▶ Task to carry out: The reply should hold every record, copied exactly, and none of the pictures.

▶ Data to process:
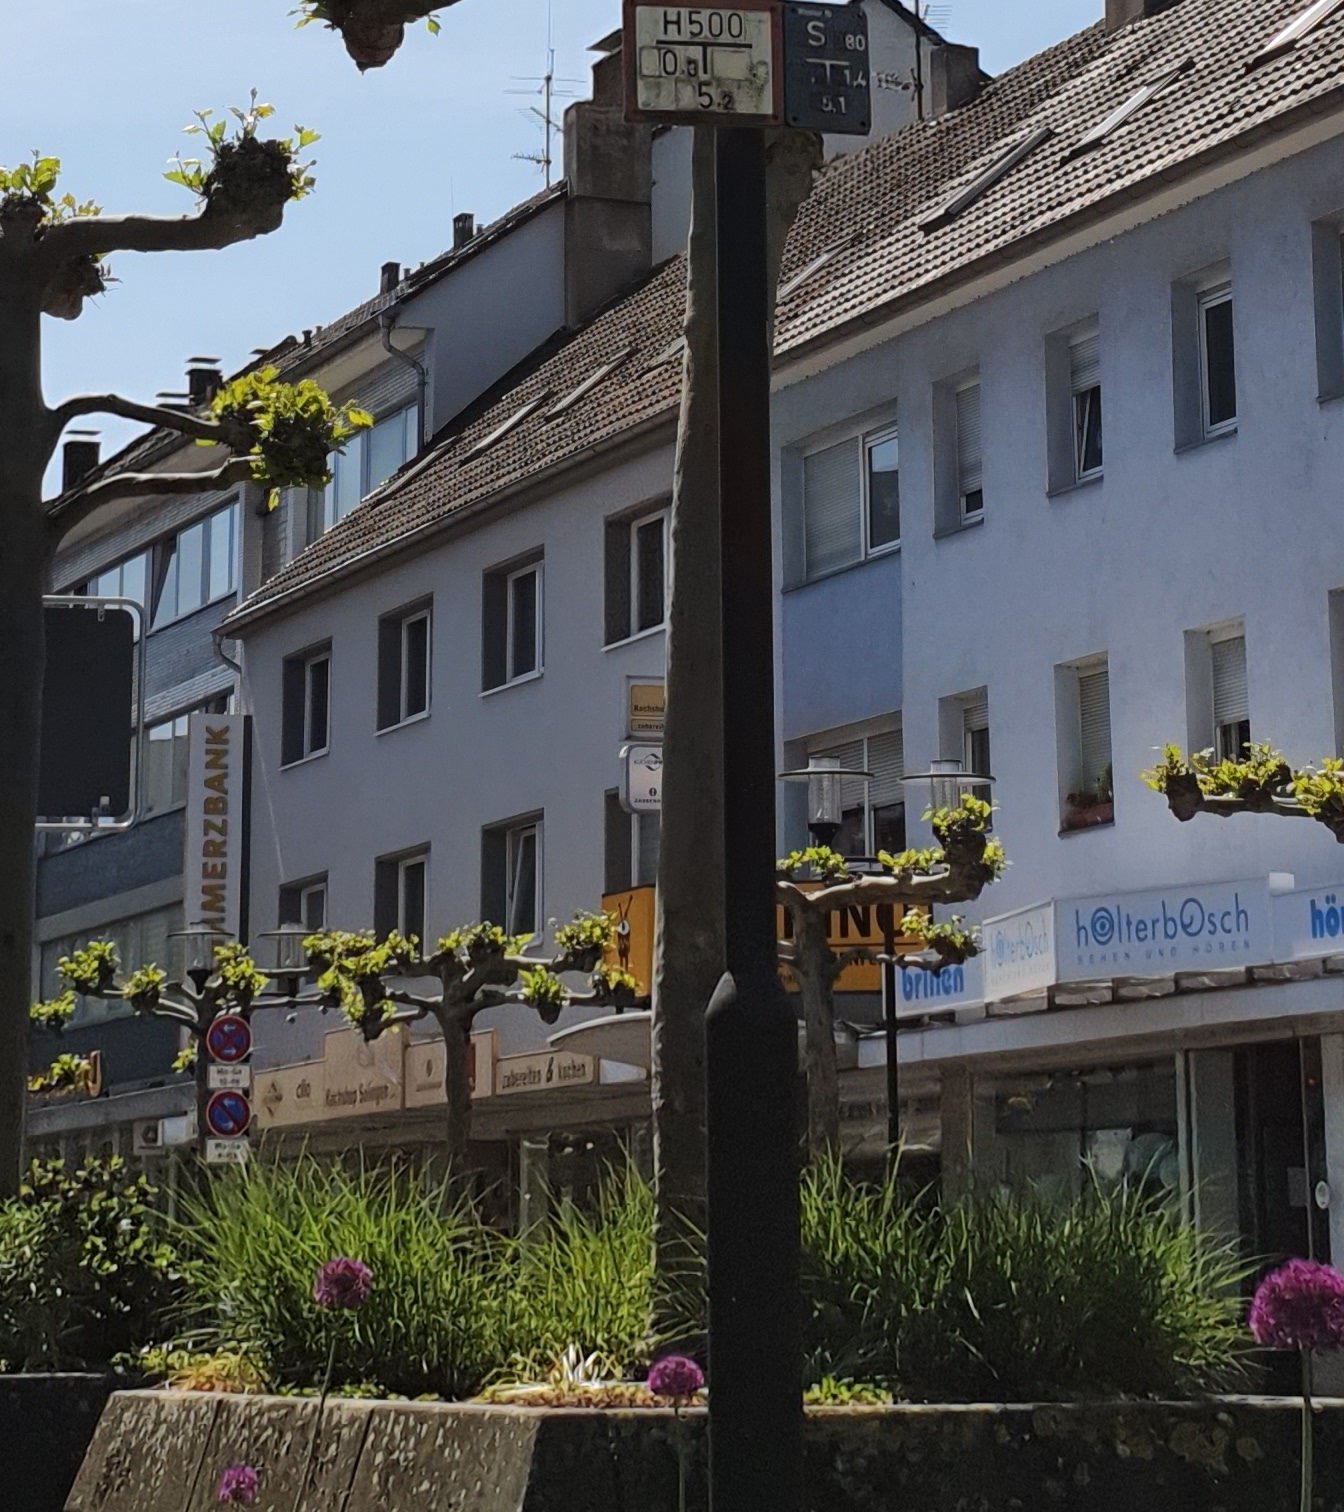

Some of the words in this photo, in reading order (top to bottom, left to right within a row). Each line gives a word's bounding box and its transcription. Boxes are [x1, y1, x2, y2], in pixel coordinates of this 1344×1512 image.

[663, 10, 743, 38] H500
[807, 21, 825, 46] S
[1075, 894, 1250, 943] holterbosch
[1145, 946, 1178, 960] UND
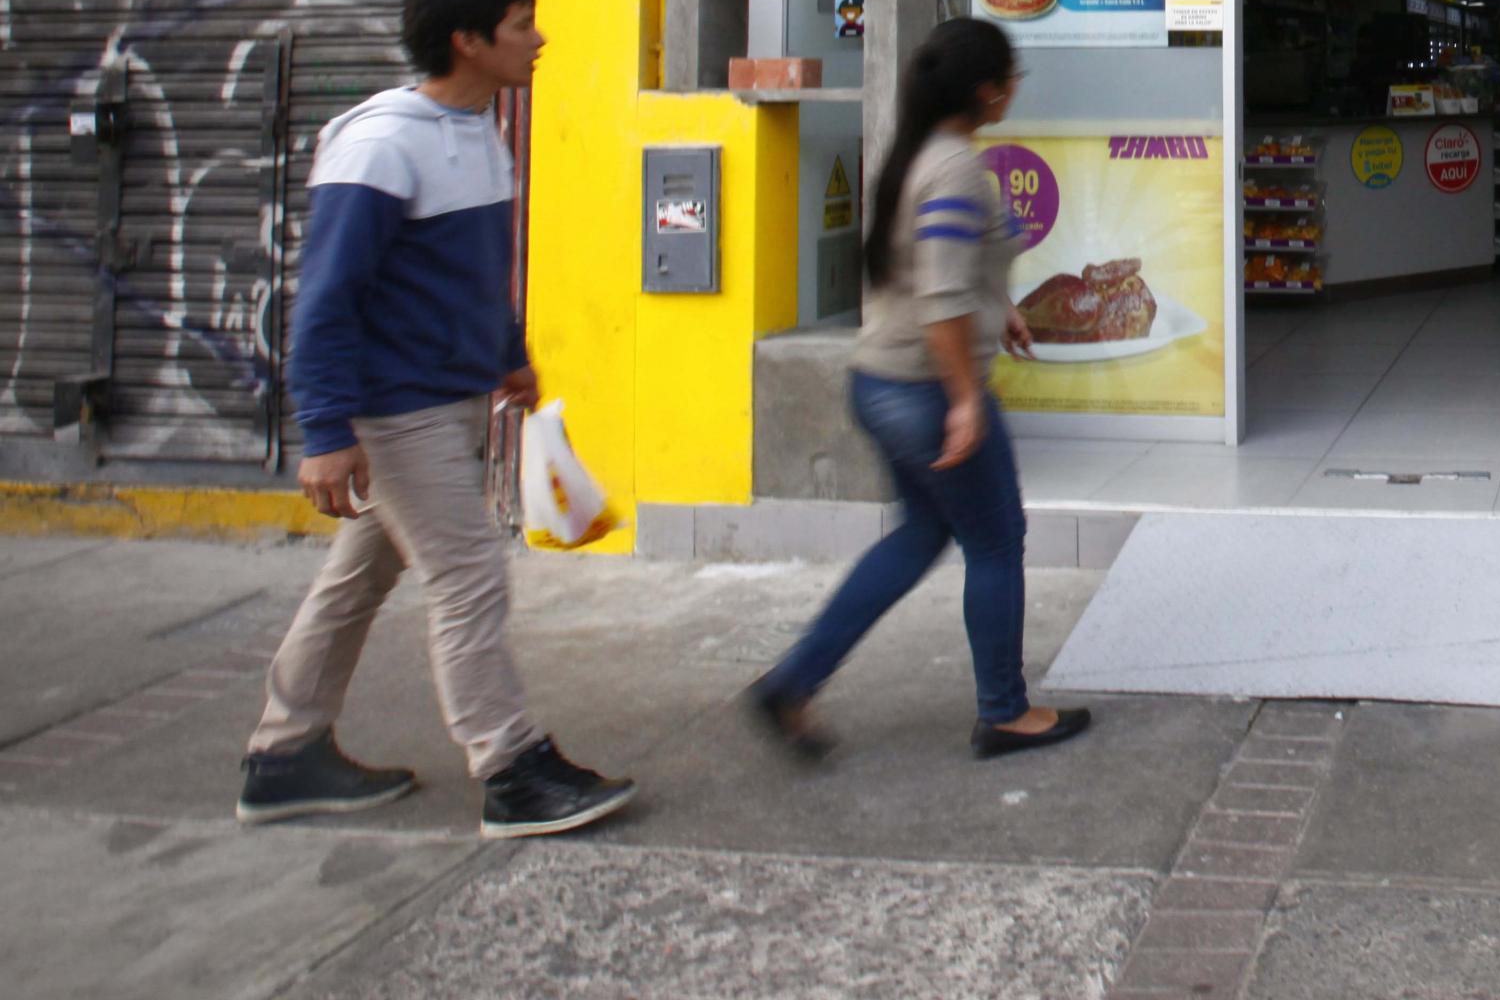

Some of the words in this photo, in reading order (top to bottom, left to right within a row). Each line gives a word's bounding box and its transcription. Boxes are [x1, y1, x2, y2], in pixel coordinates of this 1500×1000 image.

[1434, 137, 1464, 150] Claro
[1440, 150, 1470, 160] recarga
[1009, 168, 1039, 196] 90
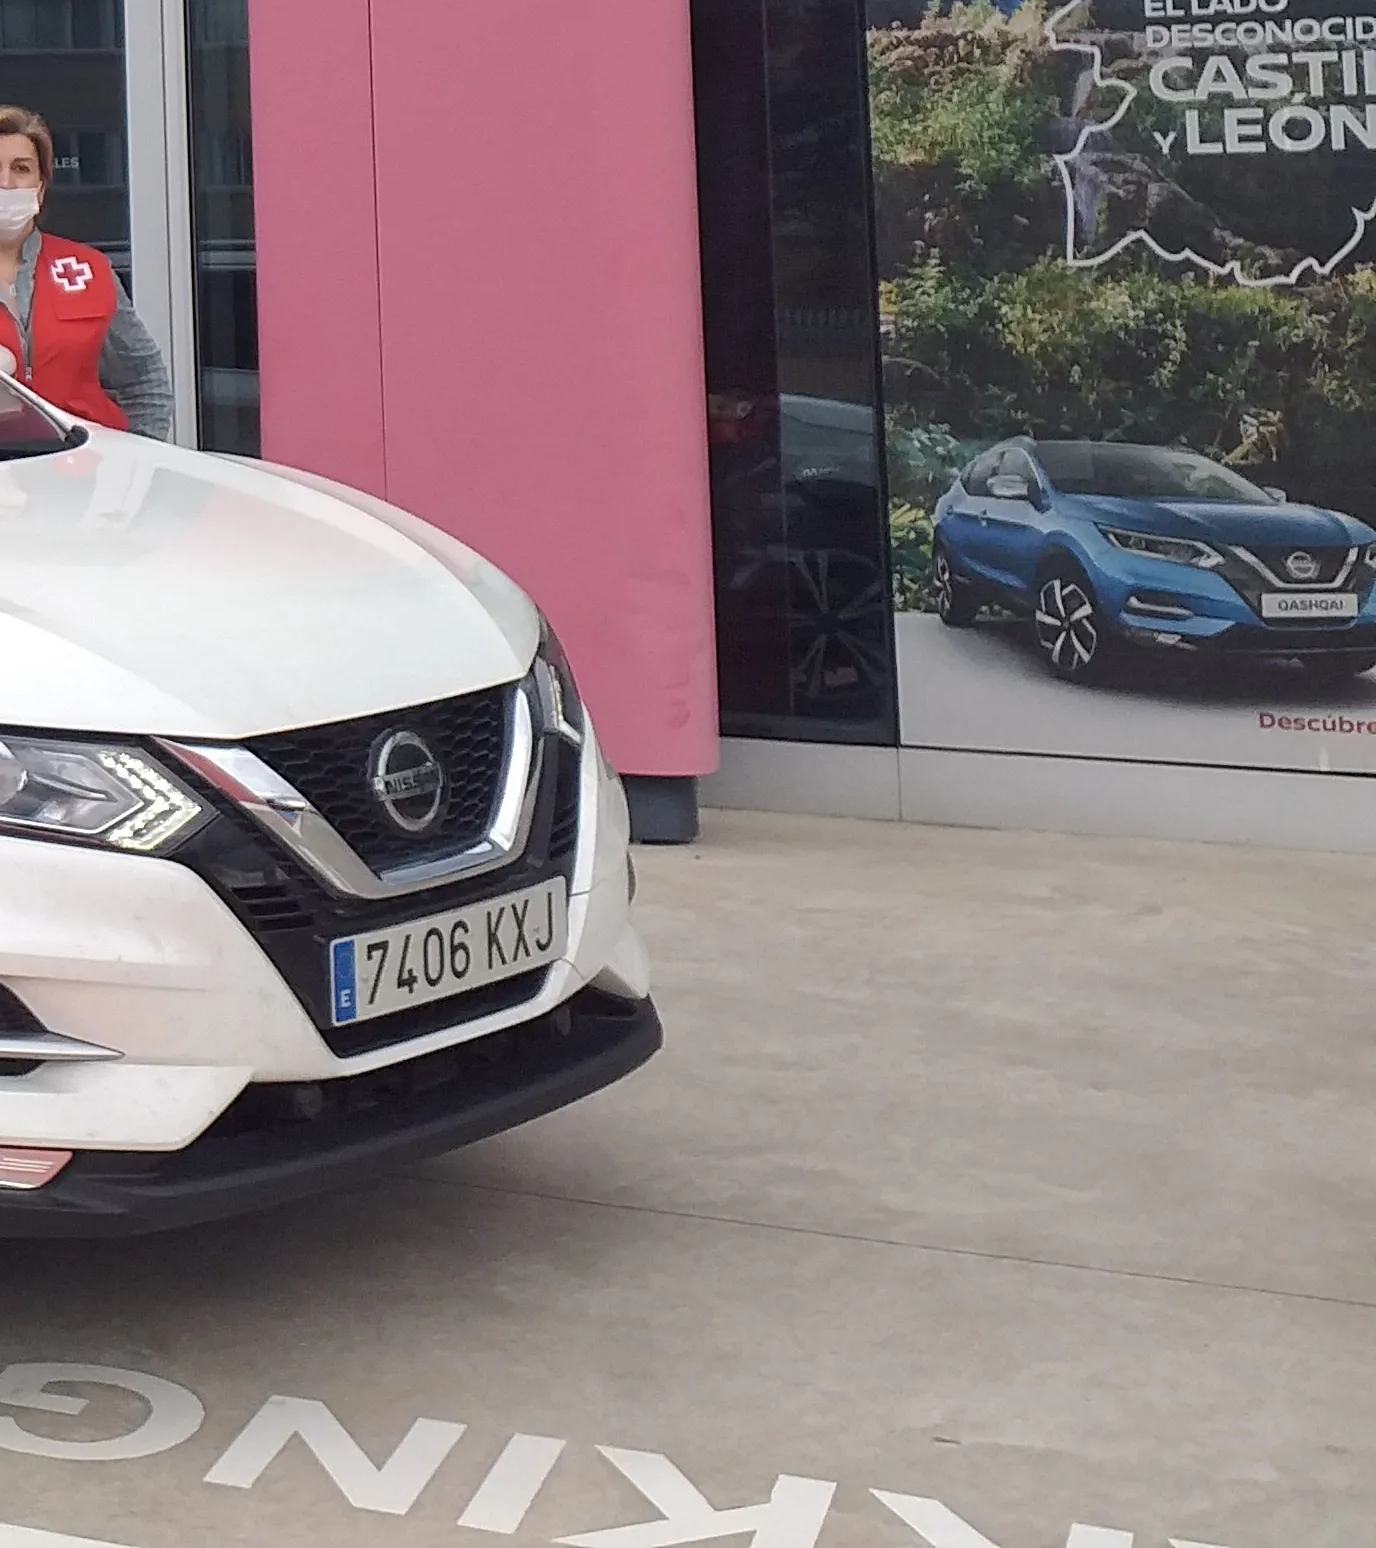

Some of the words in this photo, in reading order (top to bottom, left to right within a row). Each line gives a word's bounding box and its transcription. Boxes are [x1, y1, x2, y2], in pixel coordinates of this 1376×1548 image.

[1145, 16, 1376, 48] DESCONOCID
[1153, 131, 1177, 155] Y
[1185, 93, 1376, 155] LEÓN
[1278, 599, 1344, 612] QASHQAI
[367, 919, 471, 1006] 7406
[486, 892, 553, 970] KXJ
[340, 989, 351, 1009] E

▶ Task answer:
Some of the words in this photo, in reading order (top to bottom, left to right within a row). Each line gives a word's bounding box and its transcription. Boxes are [x1, y1, x2, y2], in pixel coordinates of this 1344×1512 image.

[663, 10, 743, 38] H500
[807, 21, 825, 46] S
[1075, 894, 1250, 943] holterbosch
[1145, 946, 1178, 960] UND

Some of the words in this photo, in reading order (top to bottom, left to right within a row). Each line gives a word's bounding box and its transcription. Boxes are [x1, y1, x2, y2], in pixel coordinates of this 1500×1000 image.

[1434, 137, 1464, 150] Claro
[1440, 150, 1470, 160] recarga
[1009, 168, 1039, 196] 90

Some of the words in this photo, in reading order (top to bottom, left to right within a row). Each line gives a word's bounding box and its transcription. Boxes are [x1, y1, x2, y2], in pixel coordinates of this 1376×1548 image.

[1145, 16, 1376, 48] DESCONOCID
[1153, 131, 1177, 155] Y
[1185, 93, 1376, 155] LEÓN
[1278, 599, 1344, 612] QASHQAI
[367, 919, 471, 1006] 7406
[486, 892, 553, 970] KXJ
[340, 989, 351, 1009] E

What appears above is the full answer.